YOUR ASSIGNMENT — Your task is to repeat the entries exactly. Leave the pictures out.

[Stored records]
_____
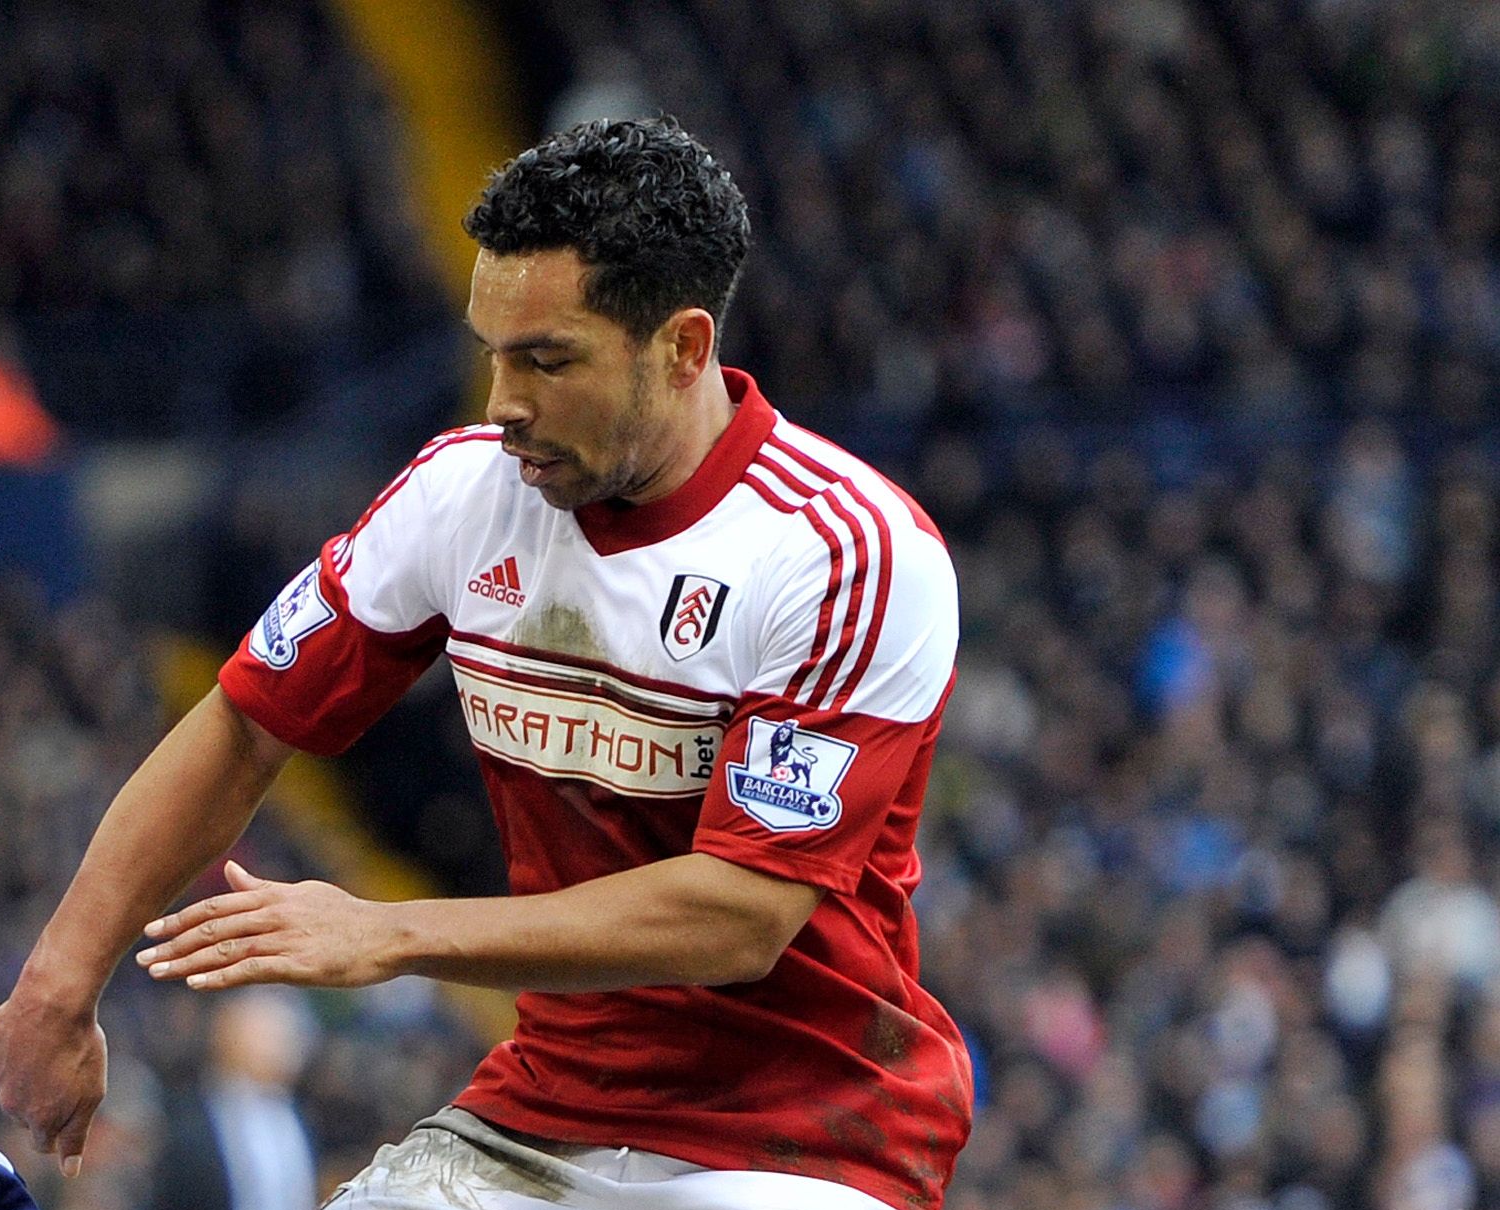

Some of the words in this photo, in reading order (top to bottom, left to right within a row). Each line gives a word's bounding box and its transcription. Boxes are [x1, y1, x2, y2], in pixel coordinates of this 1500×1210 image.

[467, 579, 526, 609] adidas
[674, 585, 712, 645] FFC
[690, 735, 715, 779] bet
[742, 776, 812, 806] BARCLAYS
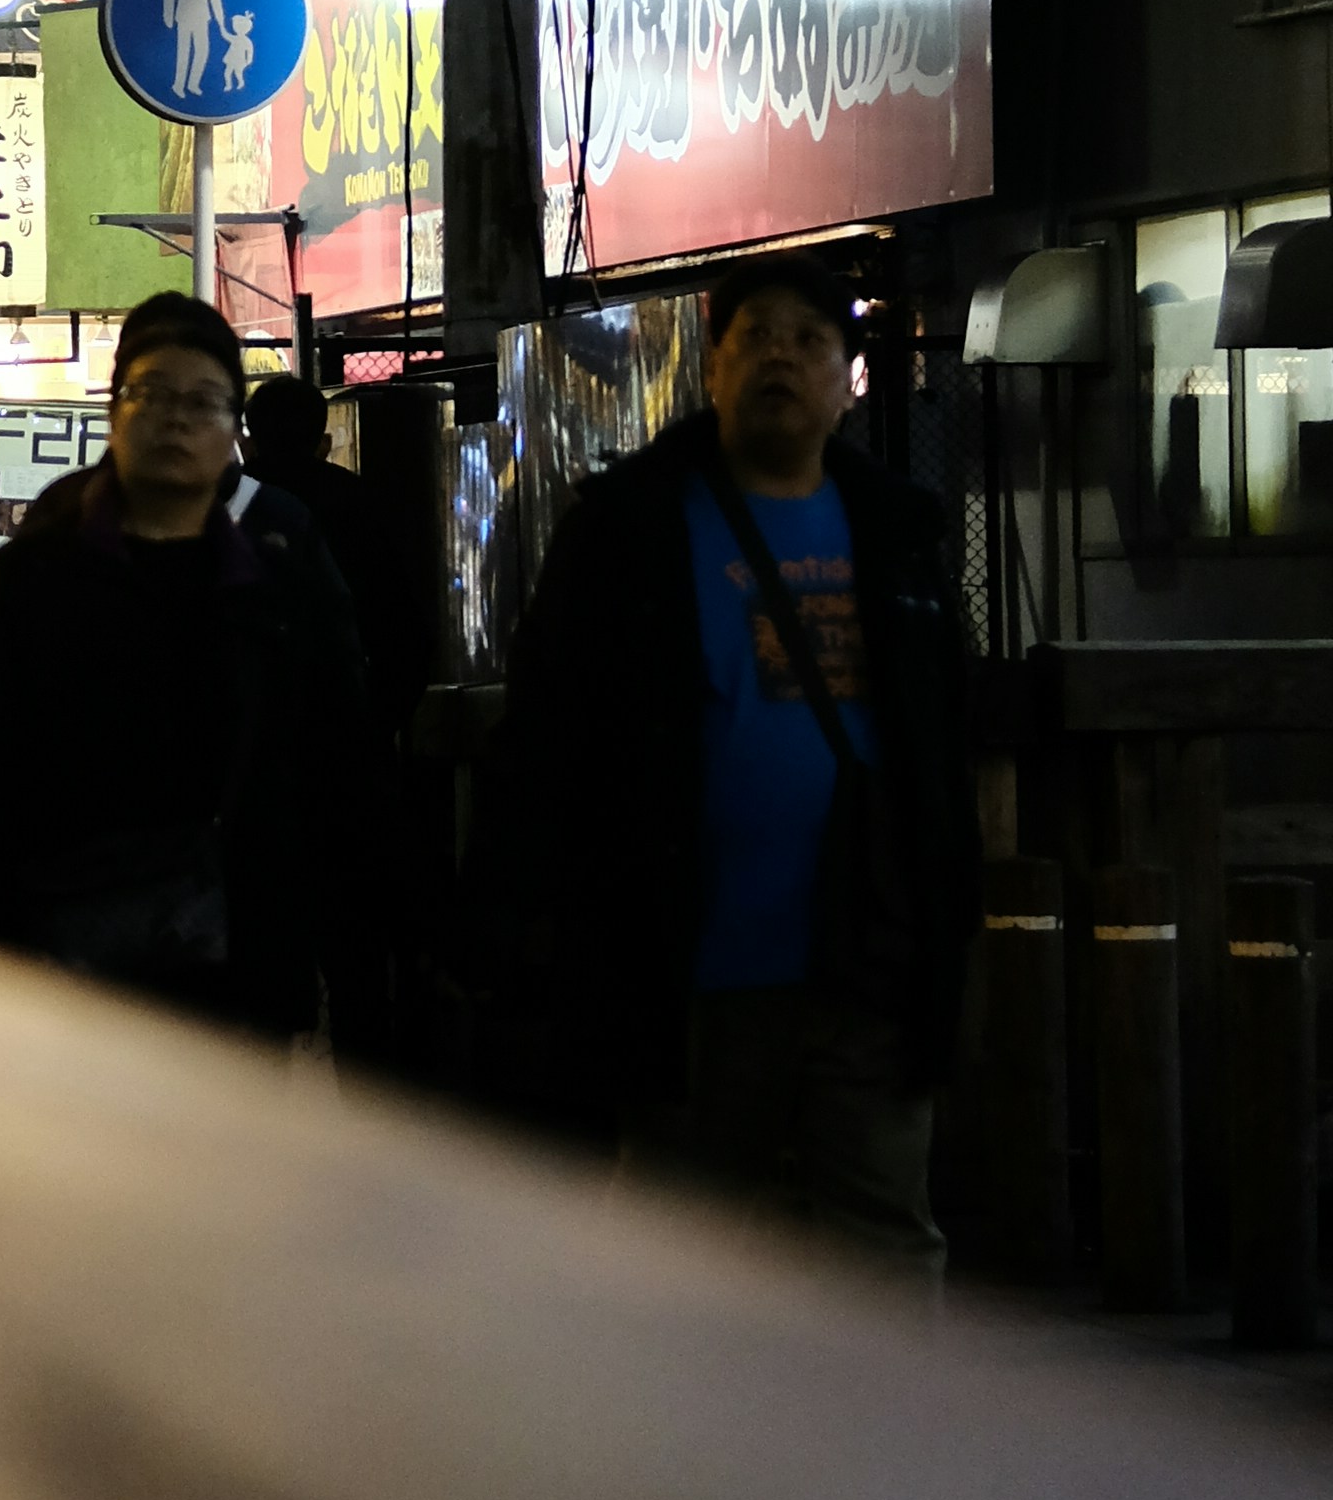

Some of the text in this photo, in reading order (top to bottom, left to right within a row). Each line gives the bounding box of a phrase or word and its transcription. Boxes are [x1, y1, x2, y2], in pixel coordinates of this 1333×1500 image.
_____
SOLUTION TO THIS TASK —
Some of the words in this photo, in reading order (top to bottom, left to right within a row). Each line gives a word's bounding box and its transcription. Boxes are [x1, y1, x2, y2], in pixel coordinates of this 1500×1210 image.

[467, 579, 526, 609] adidas
[674, 585, 712, 645] FFC
[690, 735, 715, 779] bet
[742, 776, 812, 806] BARCLAYS

Some of the text in this photo, in reading order (top to bottom, left to right within a row). Each line gives the bounding box of a phrase or word and its transcription. Boxes are [x1, y1, x2, y2], in pixel coordinates of this 1333×1500 image.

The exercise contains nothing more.